• **Data**:
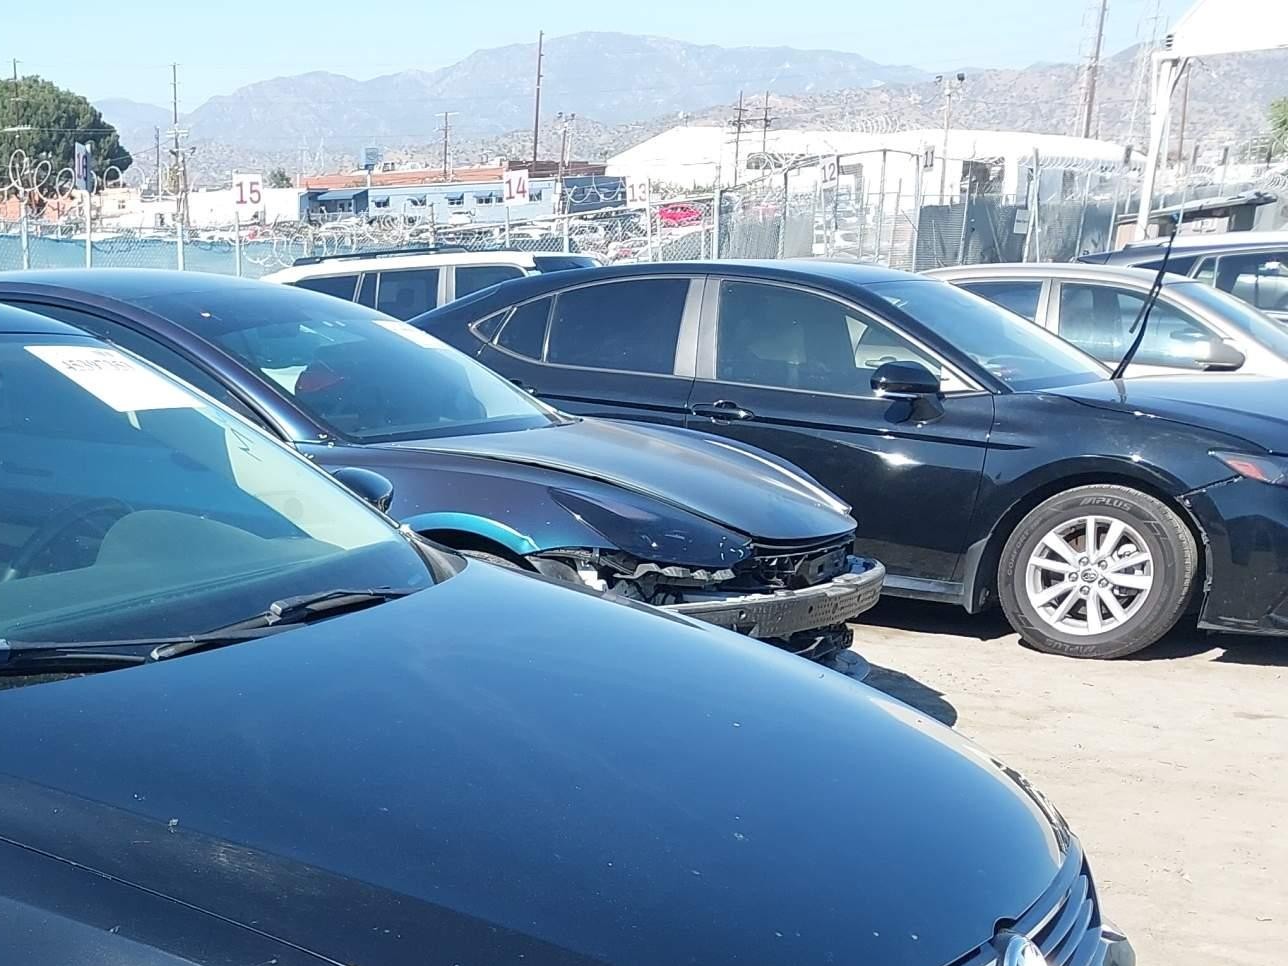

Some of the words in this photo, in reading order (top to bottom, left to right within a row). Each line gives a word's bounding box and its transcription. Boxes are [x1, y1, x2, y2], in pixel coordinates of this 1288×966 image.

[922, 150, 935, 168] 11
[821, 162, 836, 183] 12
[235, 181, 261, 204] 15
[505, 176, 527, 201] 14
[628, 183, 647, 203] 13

• **Task instructions**:
The answer must repeat every line of the listing exactly and leave the pictures out.

• **Task response**:
Some of the words in this photo, in reading order (top to bottom, left to right within a row). Each line gives a word's bounding box and its transcription. Boxes are [x1, y1, x2, y2], in pixel coordinates of this 1288×966 image.

[922, 150, 935, 168] 11
[821, 162, 836, 183] 12
[235, 181, 261, 204] 15
[505, 176, 527, 201] 14
[628, 183, 647, 203] 13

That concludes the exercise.